*** Data Section Begins ***

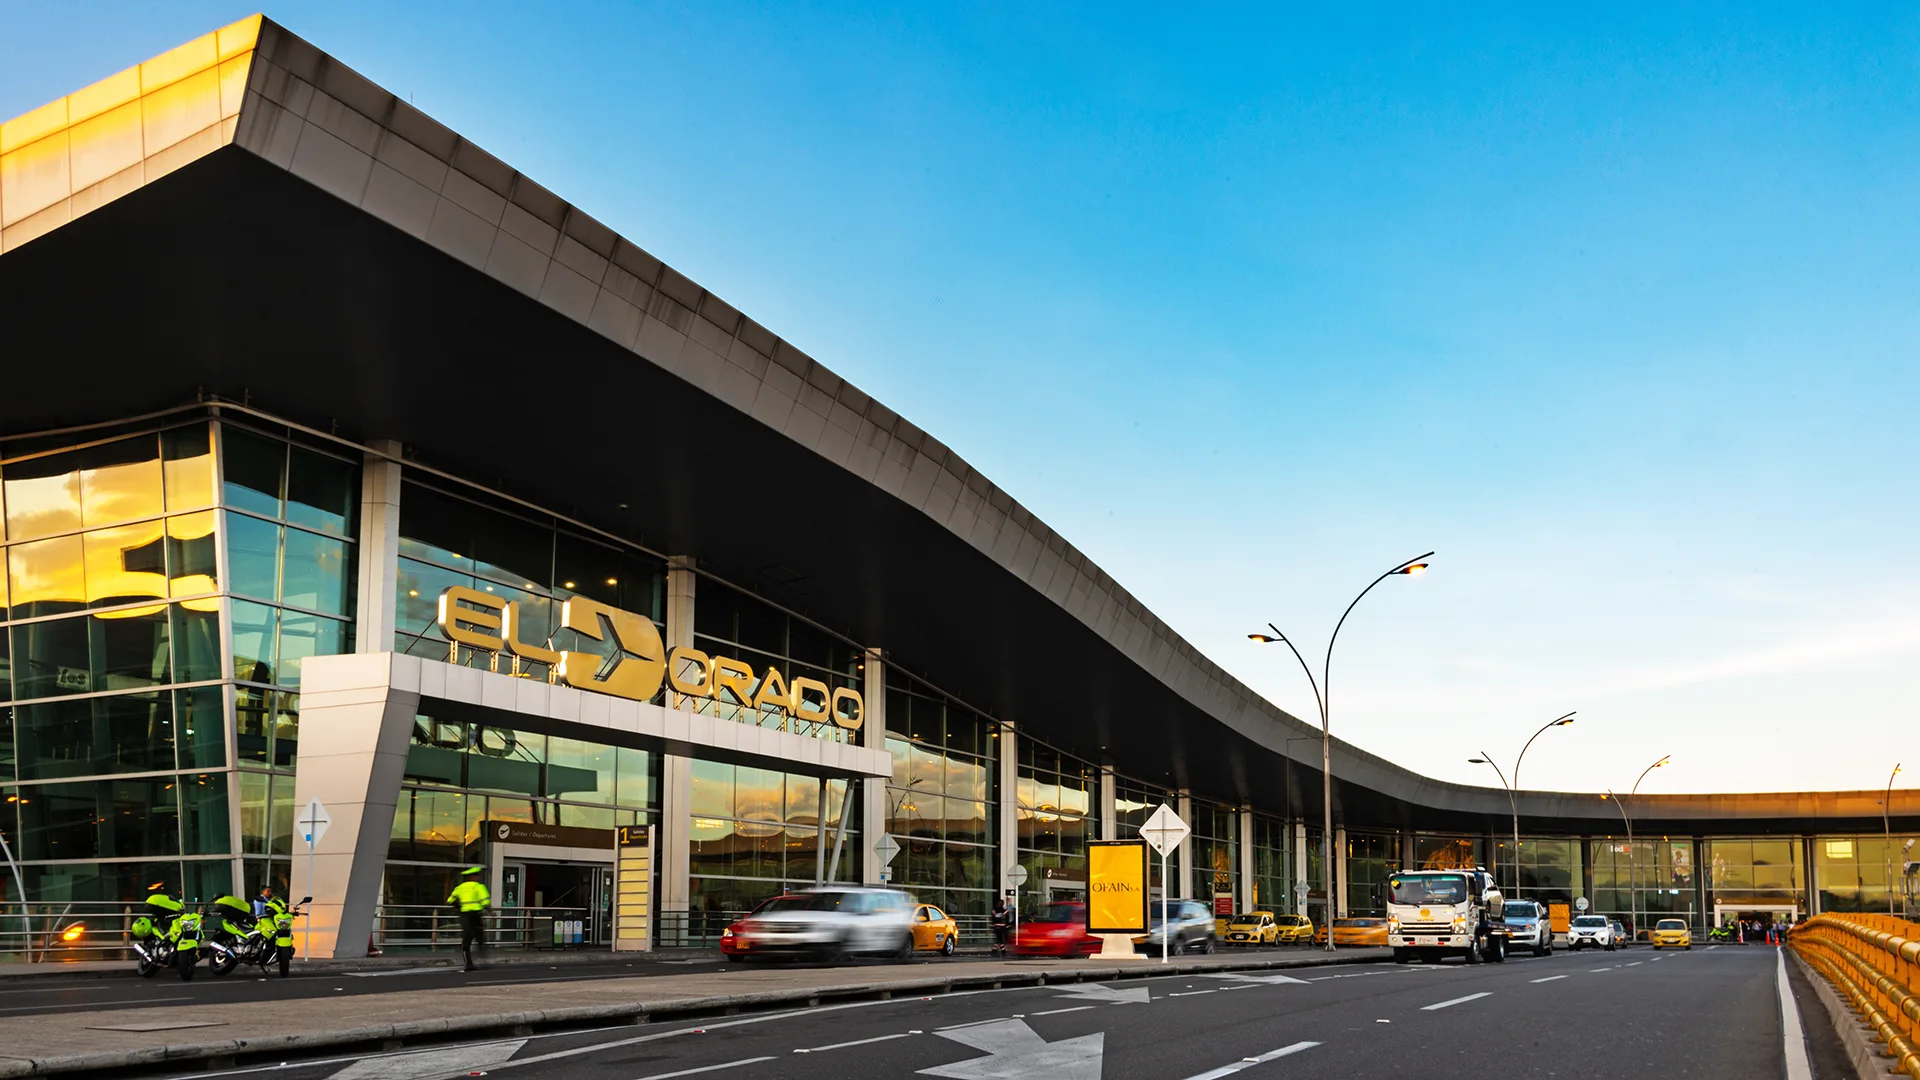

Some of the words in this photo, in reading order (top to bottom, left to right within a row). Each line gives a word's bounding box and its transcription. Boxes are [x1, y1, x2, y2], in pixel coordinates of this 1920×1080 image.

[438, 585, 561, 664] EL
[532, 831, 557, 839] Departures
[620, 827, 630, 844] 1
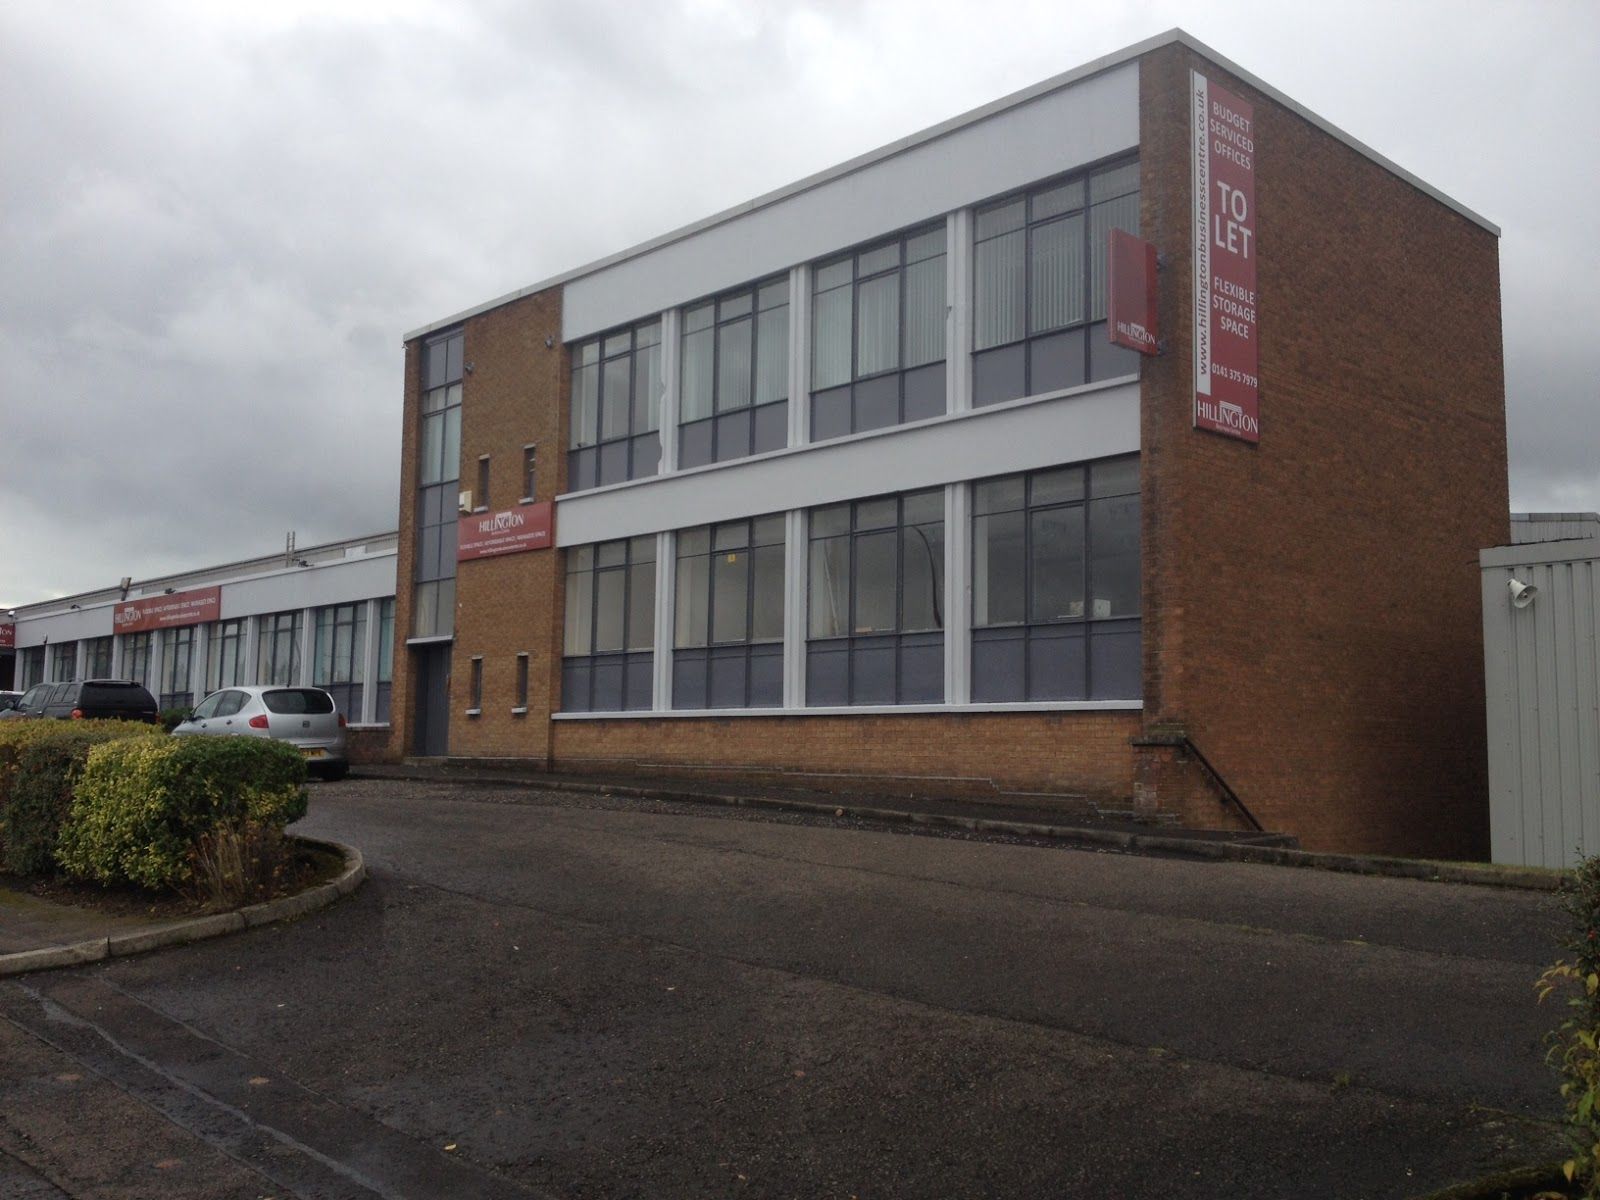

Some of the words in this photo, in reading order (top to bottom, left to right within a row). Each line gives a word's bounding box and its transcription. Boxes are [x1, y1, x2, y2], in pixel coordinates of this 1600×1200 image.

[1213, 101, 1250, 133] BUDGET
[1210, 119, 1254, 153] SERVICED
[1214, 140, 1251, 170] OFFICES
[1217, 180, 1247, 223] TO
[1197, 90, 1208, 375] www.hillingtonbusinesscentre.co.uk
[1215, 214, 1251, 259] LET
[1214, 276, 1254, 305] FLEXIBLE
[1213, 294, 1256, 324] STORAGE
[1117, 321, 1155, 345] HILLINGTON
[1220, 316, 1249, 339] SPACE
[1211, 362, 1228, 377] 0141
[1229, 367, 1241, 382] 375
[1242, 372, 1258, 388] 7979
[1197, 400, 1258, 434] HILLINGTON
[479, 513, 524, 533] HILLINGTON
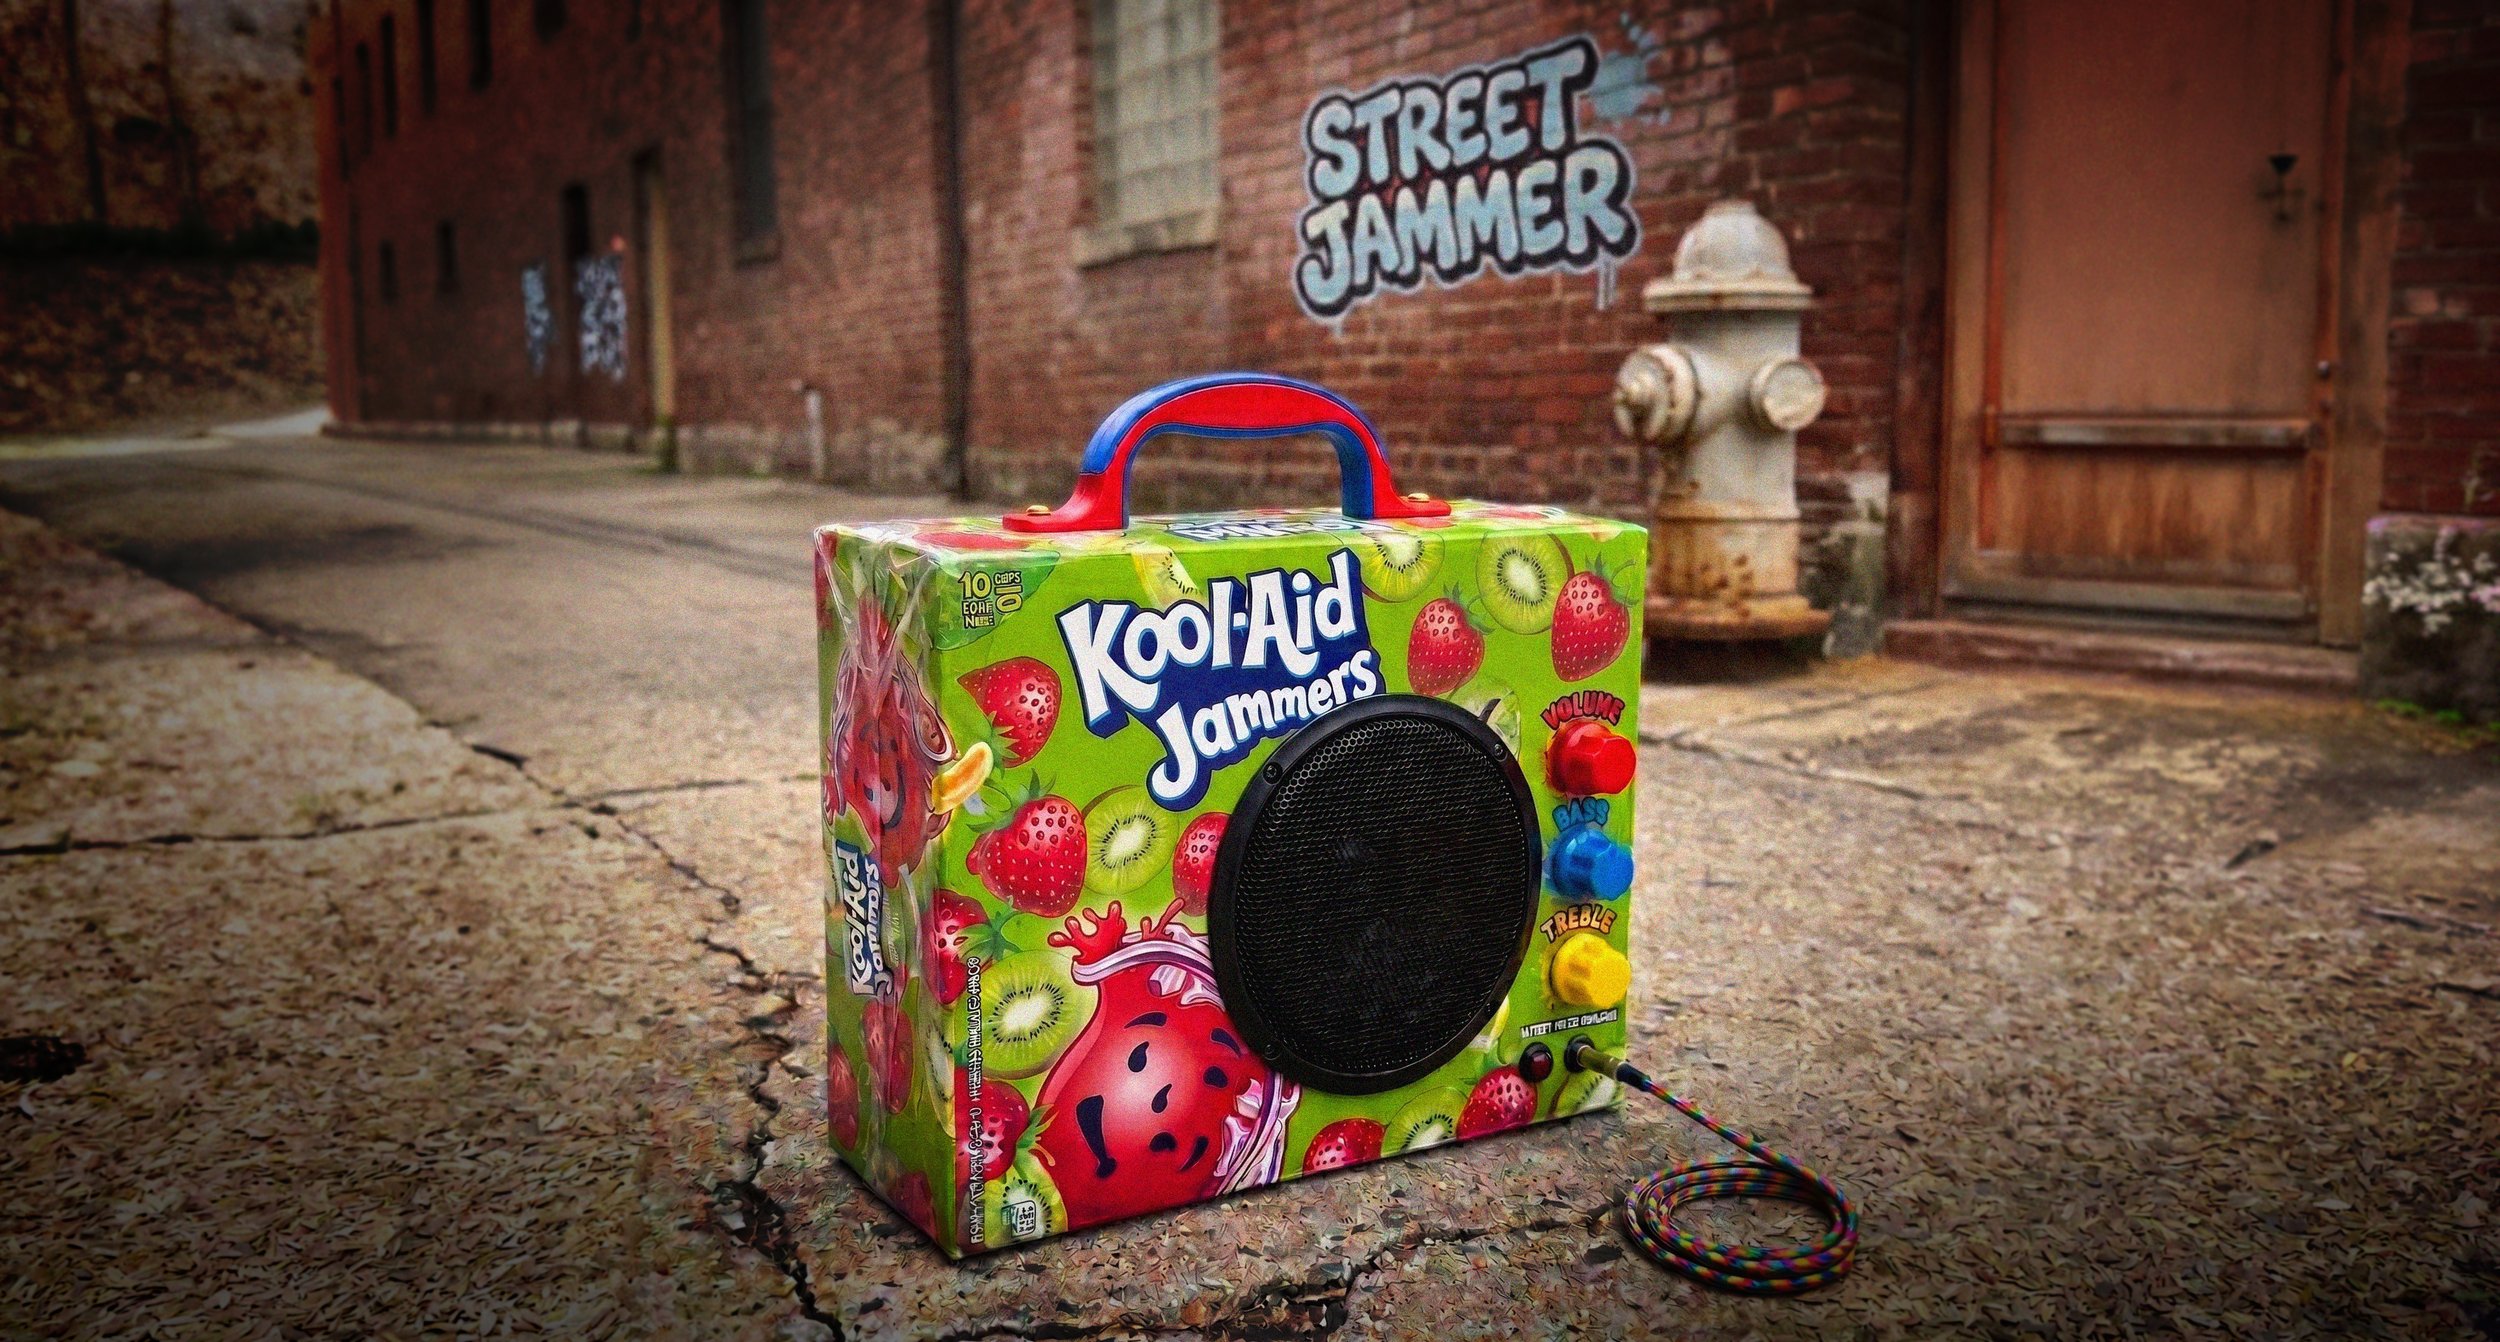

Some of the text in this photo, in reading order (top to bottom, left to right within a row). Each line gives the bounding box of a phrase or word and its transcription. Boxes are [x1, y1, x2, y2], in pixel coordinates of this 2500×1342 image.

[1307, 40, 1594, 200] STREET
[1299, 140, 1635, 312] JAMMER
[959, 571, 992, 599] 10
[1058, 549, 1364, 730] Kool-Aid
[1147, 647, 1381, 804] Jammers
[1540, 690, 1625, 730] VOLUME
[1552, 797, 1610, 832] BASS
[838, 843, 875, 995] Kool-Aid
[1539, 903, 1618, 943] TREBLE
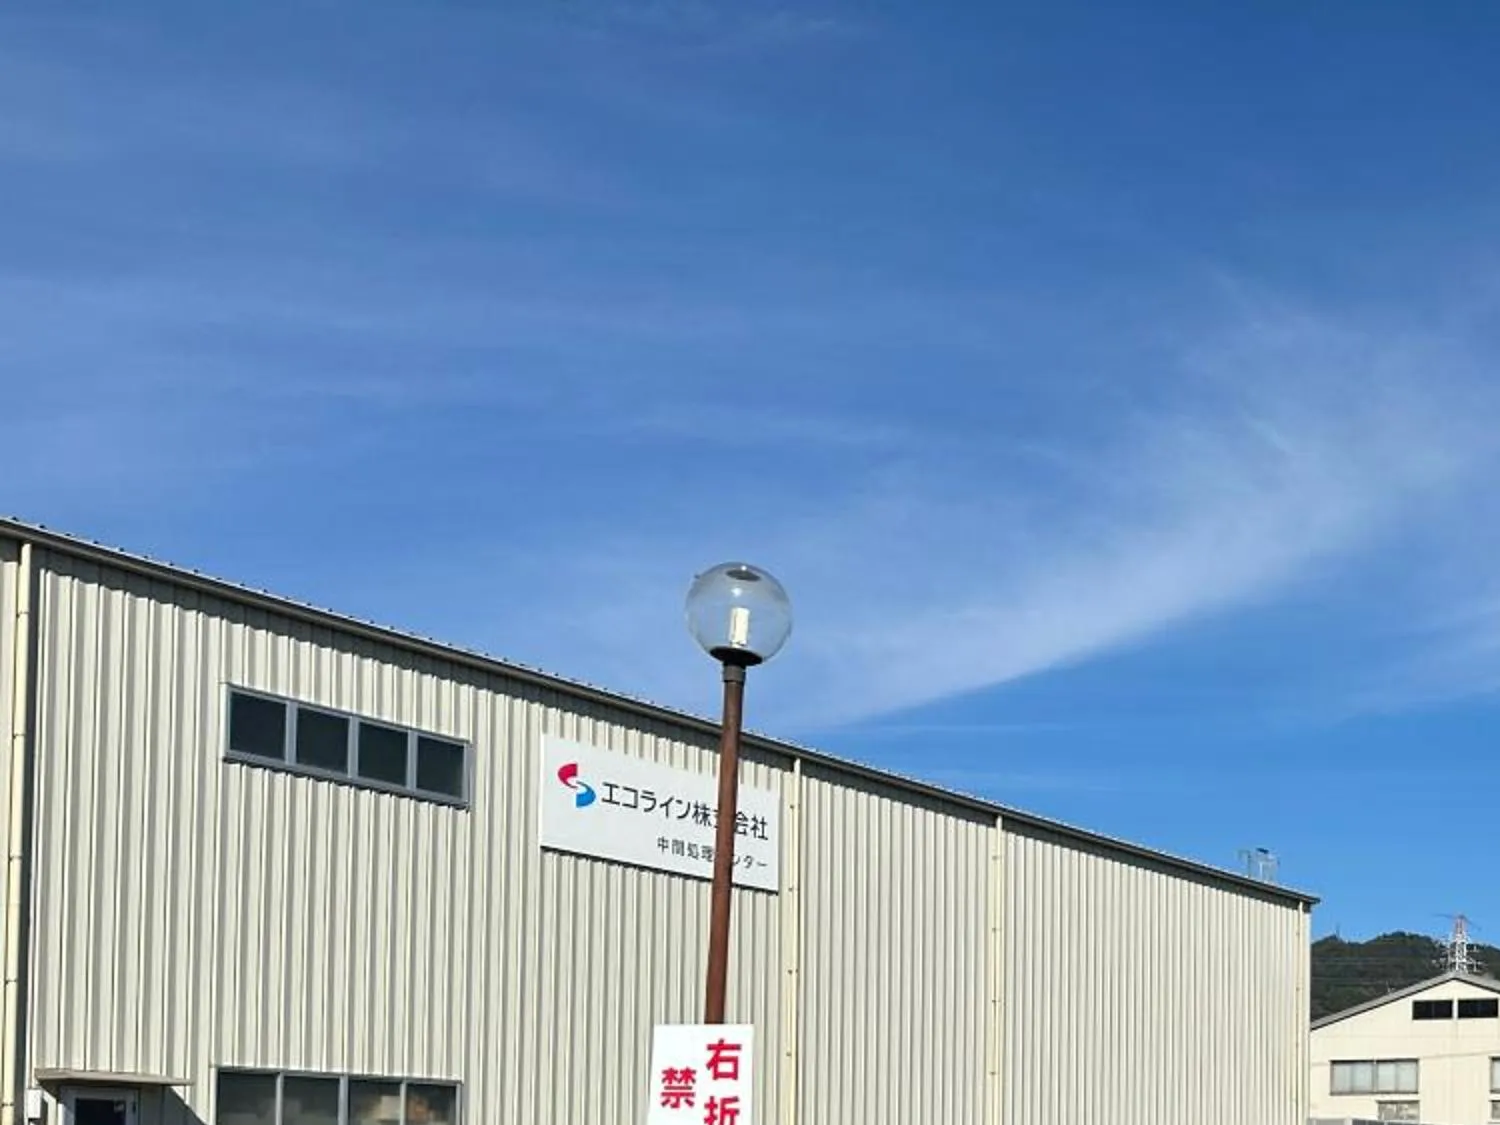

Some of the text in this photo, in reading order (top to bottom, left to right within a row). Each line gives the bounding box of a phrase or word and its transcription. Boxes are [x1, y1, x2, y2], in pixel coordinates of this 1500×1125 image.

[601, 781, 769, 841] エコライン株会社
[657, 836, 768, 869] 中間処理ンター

*** Data Section Ends ***

Prompt: With images excluded, write the records above out again exactly.

Solved problem:
Some of the words in this photo, in reading order (top to bottom, left to right within a row). Each line gives a word's bounding box and its transcription. Boxes are [x1, y1, x2, y2], in pixel coordinates of this 1920×1080 image.

[438, 585, 561, 664] EL
[532, 831, 557, 839] Departures
[620, 827, 630, 844] 1

Some of the words in this photo, in reading order (top to bottom, left to right within a row). Each line gives a word's bounding box and its transcription. Boxes are [x1, y1, x2, y2], in pixel coordinates of this 1600×1200 image.

[1213, 101, 1250, 133] BUDGET
[1210, 119, 1254, 153] SERVICED
[1214, 140, 1251, 170] OFFICES
[1217, 180, 1247, 223] TO
[1197, 90, 1208, 375] www.hillingtonbusinesscentre.co.uk
[1215, 214, 1251, 259] LET
[1214, 276, 1254, 305] FLEXIBLE
[1213, 294, 1256, 324] STORAGE
[1117, 321, 1155, 345] HILLINGTON
[1220, 316, 1249, 339] SPACE
[1211, 362, 1228, 377] 0141
[1229, 367, 1241, 382] 375
[1242, 372, 1258, 388] 7979
[1197, 400, 1258, 434] HILLINGTON
[479, 513, 524, 533] HILLINGTON

Some of the text in this photo, in reading order (top to bottom, left to right within a row). Each line gives the bounding box of a phrase or word and its transcription. Boxes are [x1, y1, x2, y2], in pixel coordinates of this 2500×1342 image.

[1307, 40, 1594, 200] STREET
[1299, 140, 1635, 312] JAMMER
[959, 571, 992, 599] 10
[1058, 549, 1364, 730] Kool-Aid
[1147, 647, 1381, 804] Jammers
[1540, 690, 1625, 730] VOLUME
[1552, 797, 1610, 832] BASS
[838, 843, 875, 995] Kool-Aid
[1539, 903, 1618, 943] TREBLE

Some of the text in this photo, in reading order (top to bottom, left to right within a row). Each line gives the bounding box of a phrase or word and its transcription. Boxes are [x1, y1, x2, y2], in pixel coordinates of this 1500×1125 image.

[601, 781, 769, 841] エコライン株会社
[657, 836, 768, 869] 中間処理ンター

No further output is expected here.